PROTOCOL SPECIFIC MATERIALS
PROTOCOL ACRIN 6695 Minimize

GOG-0262/ACRIN 6695: Prognostic Perfusion CT in Gynecological Cancer:
A Randomized Phase III Trial of Every-3-Weeks Paclitaxel versus Dose Dense
Weekly Paclitaxel in Combination with Carboplatin with or without Concurrent
and Consolidation Bevacizumab in the Treatment of Primary Stage I, II, III, or IV
Epithelial Ovarian, Peritoneal, or Fallopian Tube Cancer

Protocol Documents 

Protocol-GOG-0262/ACRIN 6695, v9.26.12 (effective 10.22.12) [PDF]

SOC Revision #6-GOG-0262/ACRIN 6695, v9.26.12 (effective 10.22.12) [PDF]

Informed Consent-ACRIN 6695, v9.26.12 [DOC]

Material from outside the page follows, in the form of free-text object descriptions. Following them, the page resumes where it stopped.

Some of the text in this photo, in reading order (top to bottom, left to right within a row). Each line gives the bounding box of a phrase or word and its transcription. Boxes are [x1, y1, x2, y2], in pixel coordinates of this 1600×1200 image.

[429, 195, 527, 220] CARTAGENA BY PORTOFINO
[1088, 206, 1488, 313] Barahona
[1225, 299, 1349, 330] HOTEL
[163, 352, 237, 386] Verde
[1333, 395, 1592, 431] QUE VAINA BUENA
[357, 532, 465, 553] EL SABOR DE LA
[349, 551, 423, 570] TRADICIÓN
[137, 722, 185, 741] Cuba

ACRIN Principal Co-Investigators: Chaan Ng, MD; Ting Yim Lee, PhD; and Robert Coleman, MD

Status: In Analysis

Overview: By adding functional imaging to the master treatment study, there is a potential
to identify the quantitative functional parameters of perfusion CT that may act as early predictors
of patient response to therapy, progression-free survival, and overall survival in ovarian cancer.
The data obtained from early imaging are important to the development of early quantitative
markers of tumor response and patient outcome to chemotherapy. This proof-of-concept study
will demonstrate that derived functional parameters from perfusion CT imaging may act as
surrogate markers of ovarian cancer response to chemotherapy and as predictors of patient outcomes.

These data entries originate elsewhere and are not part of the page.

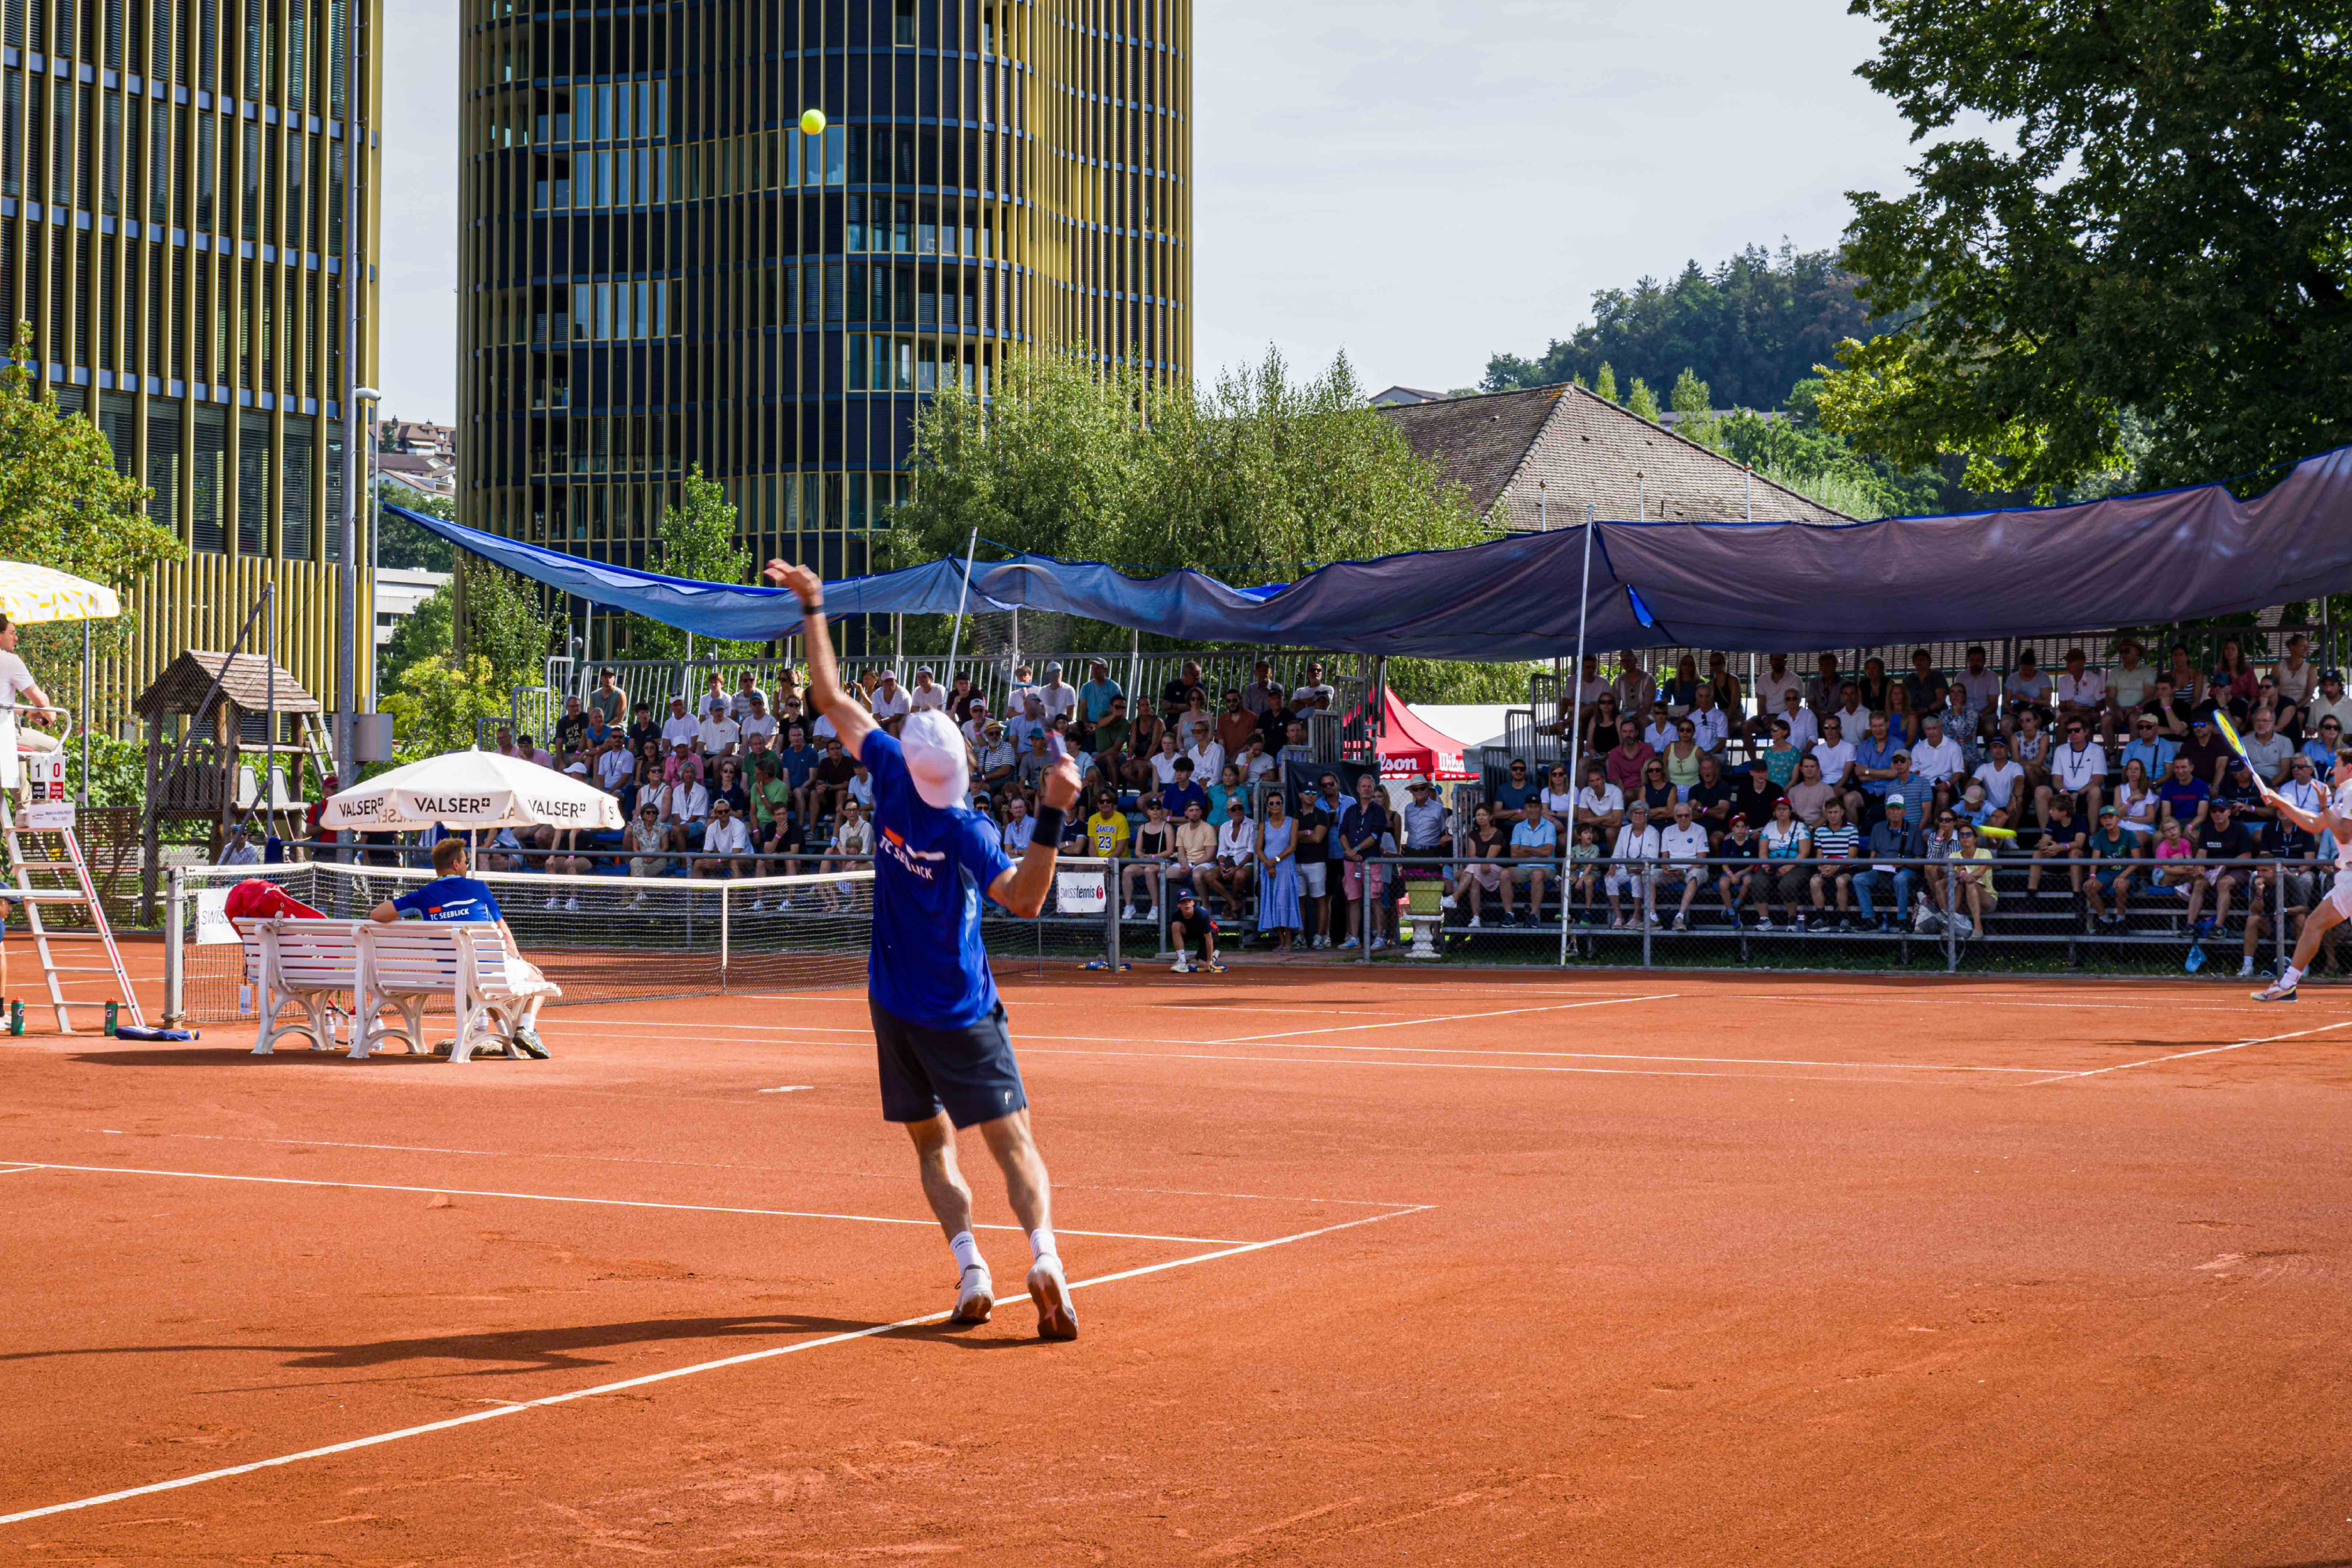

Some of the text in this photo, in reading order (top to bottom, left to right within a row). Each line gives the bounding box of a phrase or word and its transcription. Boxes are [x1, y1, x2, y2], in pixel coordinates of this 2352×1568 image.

[1378, 753, 1418, 770] lson
[1438, 753, 1466, 772] Wilso
[35, 763, 40, 777] 1
[53, 763, 60, 777] 0
[339, 799, 378, 818] VALSER
[414, 797, 480, 813] VALSER
[527, 799, 578, 818] VALSER
[1095, 824, 1116, 833] LAKERS
[1098, 835, 1112, 849] 23
[1060, 885, 1095, 899] swisstennis
[201, 906, 230, 925] swis
[439, 908, 470, 920] SEEBLICK

Main Objectives: The main objectives of the imaging study (ACRIN 6695) is to determine changes
in tumor perfusion parameters as quantified by: vascularity or blood volume (BV); perfusion or
blood flow (BF); mean transit time (MTT); and microvascular permeability or permeability surface
area product (PS), from baseline (T0) to at the end of cycle 1 chemotherapy (T1), T0 to after the
start of cycle 2 chemotherapy/anti-angiogenic therapy (T2), and T1 to T2.

Study Design Summary:
In this extension to the master GOG-0262 treatment study, ACRIN
will perform three perfusion CT imaging examinations to evaluate the patient's response to
chemotherapy and anti-angiogenic therapy. Perfusion CT imaging will be performed at baseline (T0)
prior to chemotherapy, at the end of cycle 1 chemotherapy (T1), and after the start of cycle 2
chemotherapy/anti-angiogenic therapy (T2).

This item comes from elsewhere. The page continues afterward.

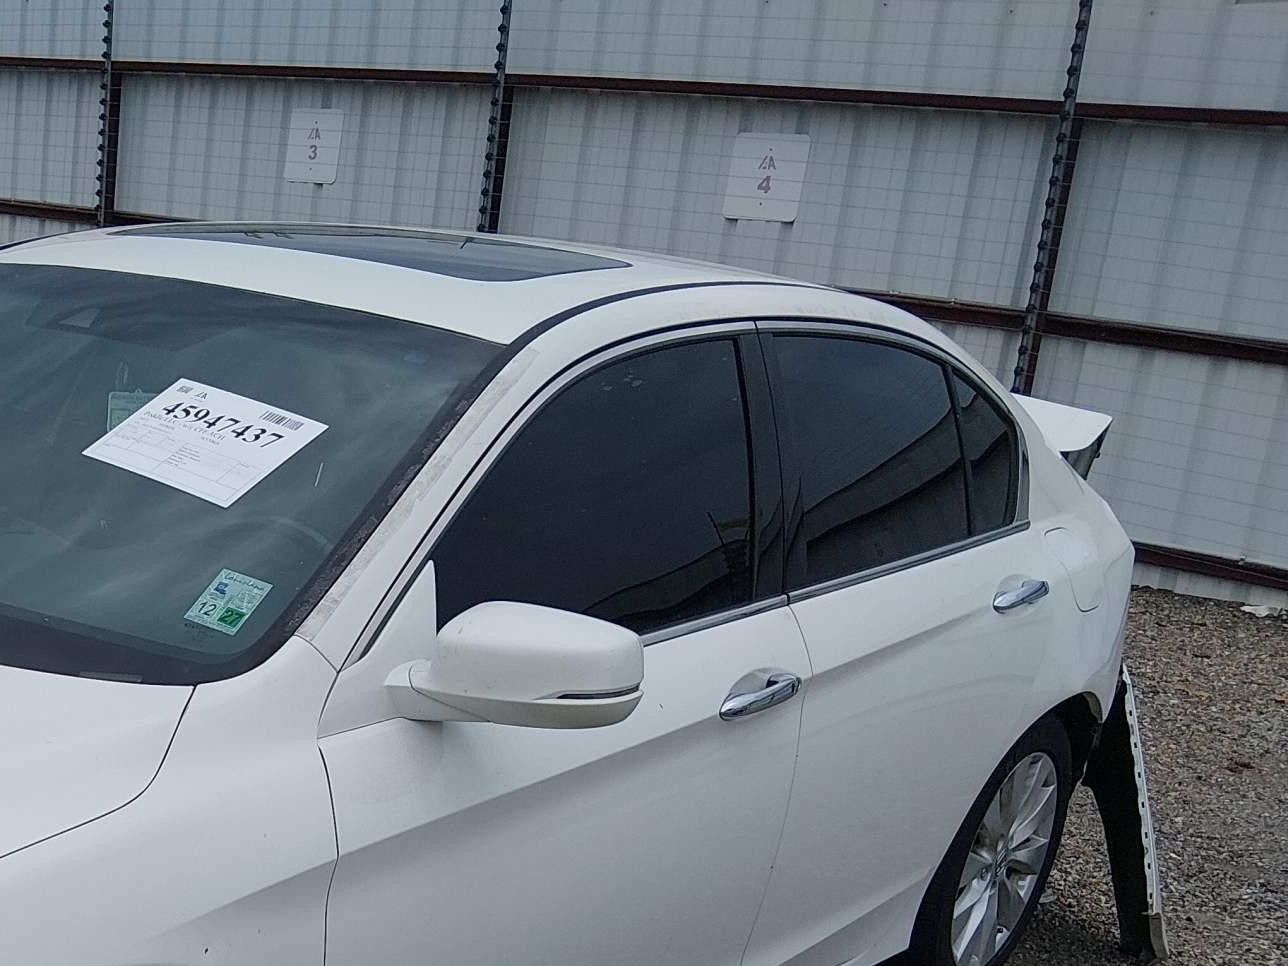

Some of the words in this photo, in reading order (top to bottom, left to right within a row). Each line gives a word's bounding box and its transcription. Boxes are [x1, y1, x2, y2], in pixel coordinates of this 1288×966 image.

The GOG-0262/ACRIN 6695 study was amended to allow ACRIN to accrue additional patients
and meet its accrual goals for its primary analyses for the advanced imaging aims. As GOG has
completed its accrual for their needs, additional changes have been incorporated into the protocol.
The changes include: 

  • Patient participation in the ACRIN 6695 portion of the study is now a mandatory component
    of GOG 0262. A combined Informed Consent will be used in this extension.
  • Patients are eligible for participation if they are: suboptimally debulked disease (≥ 1cm)
    or plan to receive neoadjuvant chemotherapy followed by cytoreductive surgery. Optimally
    debulked patients (< 1cm) will not be eligible for participation.
  • No randomization will occur between chemotherapy arms. Chemotherapy regimens will be
    assigned at the discretion of the treating institution.
  • No translational research or quality of life research will be performed in the extension.

Participants: ACRIN will accrue data from 78 eligible and evaluable participants.

In addition to meeting the criteria of GOG 0262 (planned neoadjuvant chemotherapy followed by
cytoreductive surgery or sub-optimally debulked disease [FIGO Stages I, II, III or IV]), patients must
have at least one tumor/metastasis satisfying the following criteria:

  • Lesion size larger than 1 cm residual (“suboptimally debulked” disease) in both the short and
    long axes in the abdomen or the pelvis as determined by non-contrast enhanced CT at first
    radiographic imaging;
  • At least half of the lesion has an attenuation of a least 10 HU in the qualifying pre-contrast CT scan;
  • At least half of the lesion has a maximum enhancement of at least 5 HU in the first CT perfusion scan.